After the sword in the stone I had no need of her services and Ash became but a distant memory. My mind was then focused on other things. The rumor of Arthur’s heritage spread, he became the people’s man. I arrogantly believed that it was my handiwork that made him the great man that he was, but looking back on it now I can see that it was simply in his nature. A nature that was tested, not by fire, but by sword.
“Three years Ash, that’s as long as it lasted. The sword you forged for a king!” Anger floods me, after three years she had gone back on her word, three years and my precious made king doubted his inheritance. She was the one to blame for his failure to see his power, his honor. Her stupid trick had failed and my grand plans were suffering for it.
Her laugh was light, igniting my anger further. “I applaud him, to overcome a glamour as powerful as that is no easy task.”
“Overcome the glamour?
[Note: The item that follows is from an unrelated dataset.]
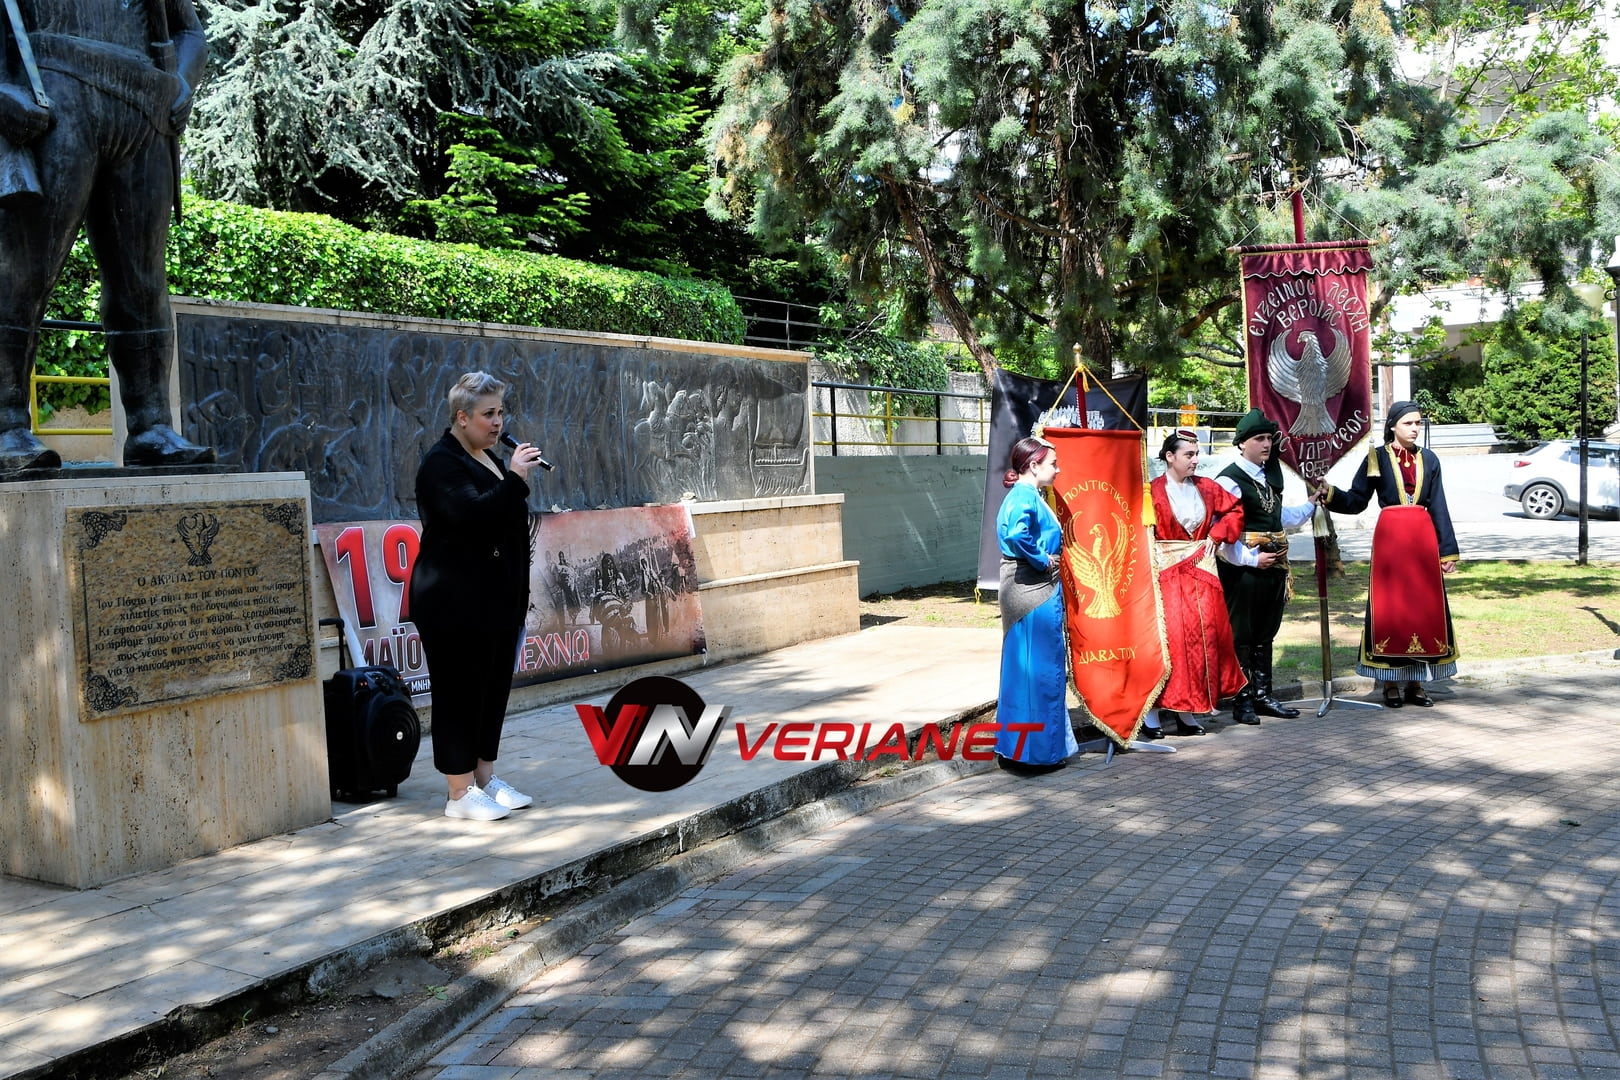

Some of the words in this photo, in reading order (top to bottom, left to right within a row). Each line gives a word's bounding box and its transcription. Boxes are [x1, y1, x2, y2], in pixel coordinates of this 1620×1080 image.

Your sword was weak, it broke in a battle. It was your inadequacy as a sword smith that was proven, nothing more.”
“Put the sword down Merlin! I would rather my own glamour not be used against me. Here you are not the king’s advisor, but the boy who asked me to make a blade for him.” I looked down to my hand, it was the hand of an old man, I had unconsciously grabbed my blade, put on the glamour that gave me power. Power over a whole country, trusted advisor to the king. I put the blade down slowly, loathe to show the face I had hidden for three years. “Good.” A smile lit up her face, an act that made one’s heart melt. “Now, you must understand the nature of a glamour. An elf is incapable of lying, we use a glamour to plant the idea of an untruth into your mind. To put it simply, we use your imagination to our advantage. What I did, was forge a glamour into a weapon, so long as the lie remained strong and was believed the blade was strong. The fact that the sword broke means that Arthur doubts his heritage, he knows in his heart that he is not king by blood.”
I slammed my hands on the worktable, all that I had worked towards was crumbling around me. “How can I make him believe that he is king? Forge another sword, with a glamour far more powerful than the last.” The idea formed in my mind’s eye, I saw once again the sword in the stone, Arthur confirmed again as king.
Her bitter laugh interrupted my thoughts, “You believe you can fool him with the same trick? Nay, a human trick such as that will never secure him in his right to the throne.”
“And what do you suggest, great and powerful elf?” The vehemence in my words startled me. Even now I cannot look back upon it without cringing. I swear to you, dear reader, I never intended any pain on Ash, she was a dear, dear friend. Though I must admit now that if any pain was inflicted it was by my hand.
“I can suggest nothing. I am not the one intending to make a king.” She had turned her back to me, and I could hear the pain and anger in her voice. “I will say as I did the first time we met, if it bothers you that I am an elf then I invite you to take your business elsewhere. Though I doubt anyone else will make you a blade infused with glamour.”
“Glamour.” The thought occurred to me in a moment, looking at her hair caused the thought to enter my mind in a moment. “Ash, take off your glamour, let me see the face of one of the fair folk.”
“Simply because I am an elf you assume that I wear a glamour.” She came around to look at me. A shadow passes over her blue eyes.
“You’re one of the fair-folk, and this is what you look like?” I pause to muse at her simplicity. “Though you are not the fairest of your kind I shall need your help.” And so my new plan was formed, though I never expected the outcome.